How to Blow Up a Pipeline

This is a clear-eyed call for the climate movement to go beyond peaceful protest in order to avert ecological collapse. Malm doesn’t think we should jettison the marches and boycotts and calls to our representatives, but he’s honest about the fact that those actions have not been—are not now—enough. He reviews the history of successful social movements and notes they have rarely if ever been entirely peaceful, but have oft operated alongside a more violent flank that made real the consequences of inaction. Absent that threat, Malm fears, the climate movement will persist in its current state—extraordinarily popular but ineffective—while what little time we have left runs out.

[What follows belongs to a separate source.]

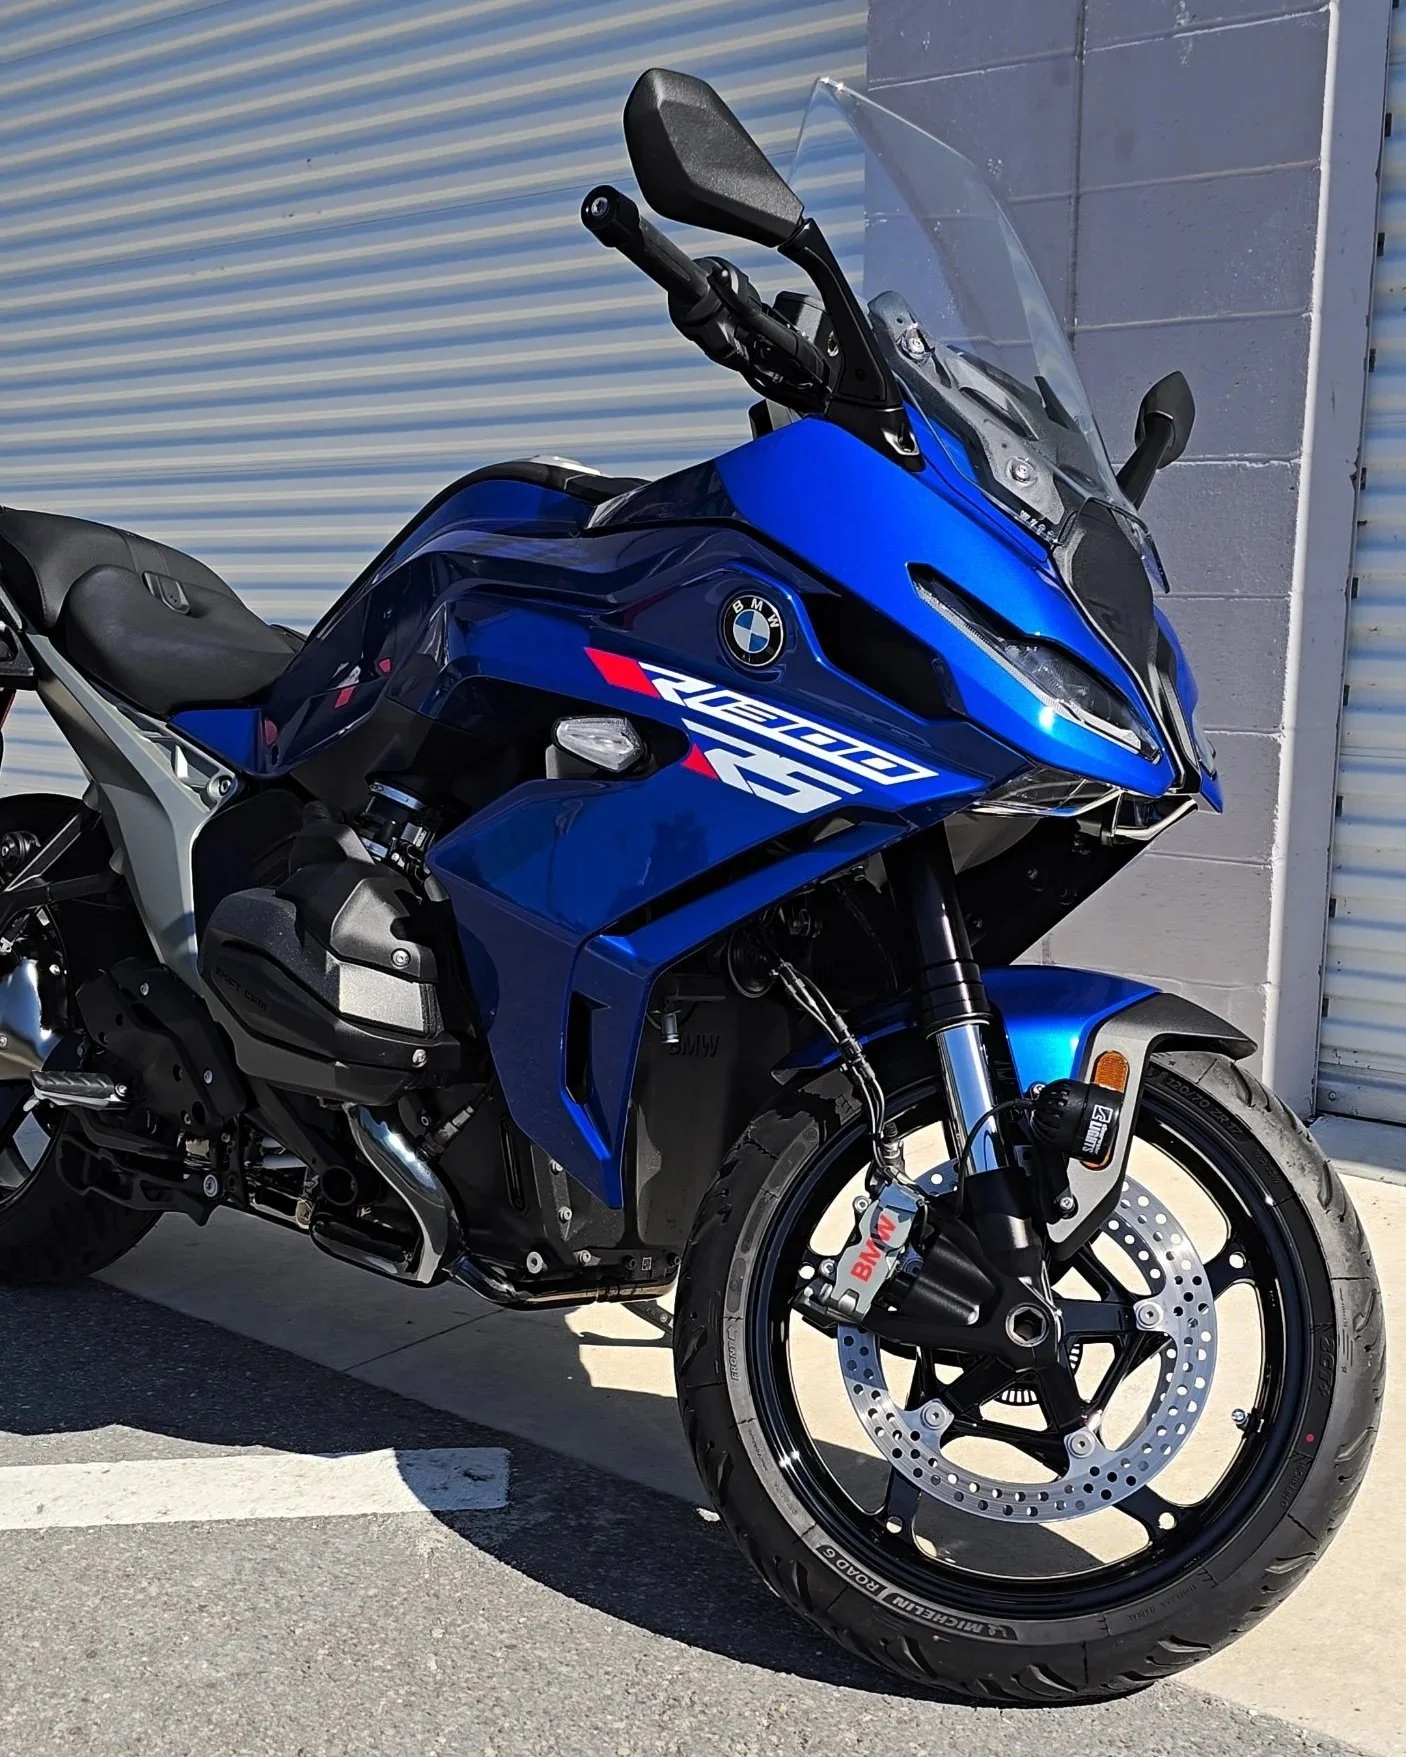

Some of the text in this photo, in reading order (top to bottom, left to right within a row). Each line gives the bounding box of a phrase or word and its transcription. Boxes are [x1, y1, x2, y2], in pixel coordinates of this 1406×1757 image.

Reading this on an ordinary day when a record high temperature was broken, I found it hard to argue with him.

Reading notes

Sanitized history

In How to Blow Up a Pipeline, Andreas Malm carefully details the violent elements of social movements long mischaracterized as entirely nonviolent. His argument is plain: while nonviolence has played a key role in human rights struggles around the globe, it has never done so alone, and—until recently—it was rarely considered the end of the road:

The remaining question is whether it is possible to locate even one minimally relevant analogue to the climate struggle that has not contained some violence. Strategic pacifism is sanitised history, bereft of realistic appraisals of what has happened and what hasn’t, what has worked and what has gone wrong: it is a guide with scant use for a movement with mighty obstacles. The insistence on sweeping militancy under the rug of civility—now dominant not only in the climate movement, but in most Anglo-American thinking and theorising about social movements—is itself a symptom of one of the deepest gaps between the present and all that happened from the Haitian Revolution to the poll tax riots: the demise of revolutionary politics. It barely exists any longer as a living praxis in powerful movements or as a foil against which their demands can be set. From the years around 1789 to those around 1989, revolutionary politics maintained actuality and dynamic potentiality, but since the 1980s it has been defamed, antiquated, unlearned and turned unreal. With the consequent deskilling of movements comes the reluctance to recognise revolutionary violence as an integral component. This is the impasse in which the climate movement finds itself: the historic victory of capital and the ruination of the planet are one and the same thing. To break out of it, we have to learn how to fight all over again, in what might be the most unpropitious moment so far in the history of human habitation on this planet.

Malm, How to Blow Up a Pipeline, page 61

Malm doesn’t go into detail as to why the nineties mark a shift in revolutionary politics. But reading this passage reminded me of a moment in Octavia Butler’s Parable of the Sower. Lauren Olamina is speaking with an old handsome man who has recently started walking alongside her group as they head north along the California coast, refugees in their own country. “Whole world’s gone crazy,” the old man says, and Olamina responds:

“From what I’ve read,” I said to him, “the world goes crazy every three or four decades. The trick is to survive until it goes sane again.” I was showing off my education and background; I admit it. But the old man seemed unimpressed.

“The nineteen nineties were crazy,” he said, “but they were rich. Nothing like this bad. I don‘t think it‘s ever been this bad.”

Butler, Parable of the Sower, page 229

Butler was writing this in the early nineties. At various points in the book, Olamina and her compatriots discuss whether or not it’s acceptable to kill people in order to protect themselves. They decide it is, but not without hesitation. It’s one of the prevailing themes of the book: righteous violence versus its opposite, and the difficulty sometimes of telling the difference. Did Butler see what Malm reflects back on now? She saw so much, I wouldn’t put it past her.